Building bioinformatic tools for massive repurposing of multi-omic data in the Sequence Read Archive
There are currently millions of sequencing experiments generated from various research groups. Each study often offers a pre-processed -omic matrix as a supplementary table in the manuscript or is deposited to public data repositories. The pre-processed -omic data is essential to the research community to derive -omic based statistical and machine learning predictive models which can be useful for understanding biological features. While the analysis-ready pre-processed -omic data minimizes the prerequisite of high-performance computing and data processing knowledge for researchers, the lack of consistency in these submitted preprocessed data and their associated metadata pose a challenge towards secondary data analysis.

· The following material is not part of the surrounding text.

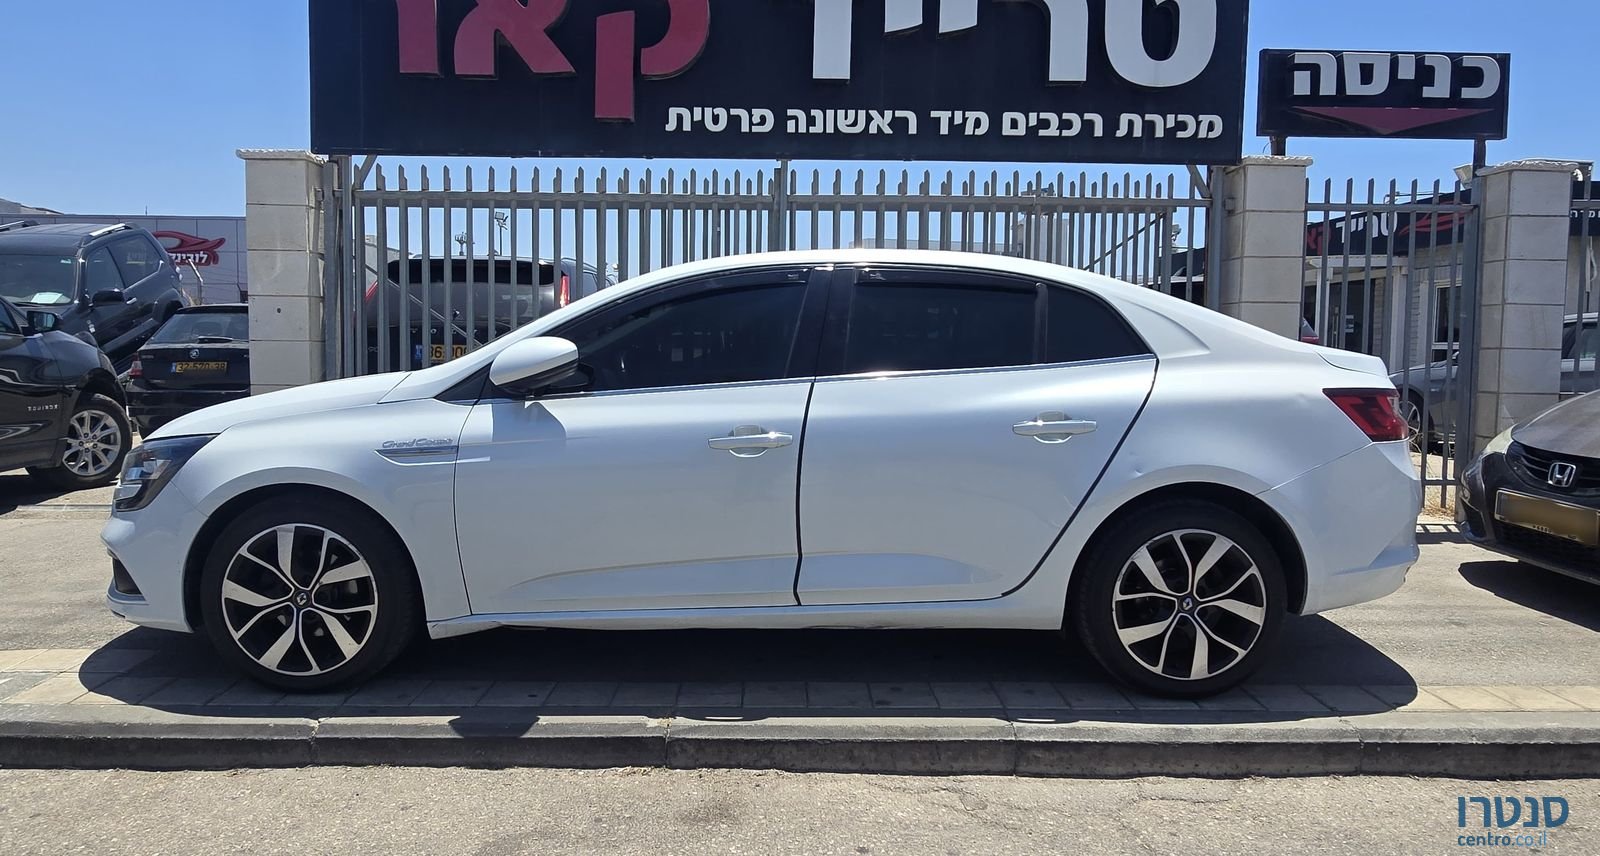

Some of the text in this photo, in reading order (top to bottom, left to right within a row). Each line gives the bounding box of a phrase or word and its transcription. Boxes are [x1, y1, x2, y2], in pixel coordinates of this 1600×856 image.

Towards the goal of tackling this challenge, the first chapter of the thesis evaluates the possibility of reprocessing and extracting the allelic read counts from over 250,000 sequencing experiments and 10,000 public studies in the SRA, which is useful towards identifying novel variant associations and evaluating the allele-specific expression. The second chapter assesses the possibility of constructing an online platform in which the research community can smoothly to go from data querying to analysis without any programming background. The third chapter tackles the metadata aspect of the SRA by evaluating the possibility of recognizing the biomedical entities in the metadata without expert curation. Through repurposing the vast amount of submitter-based biospecimen annotations, we can train a deep-learning-based model to evaluate the relationships between various annotations. In summary, this dissertation builds the foundation towards automating the process of -omic data association with metadata.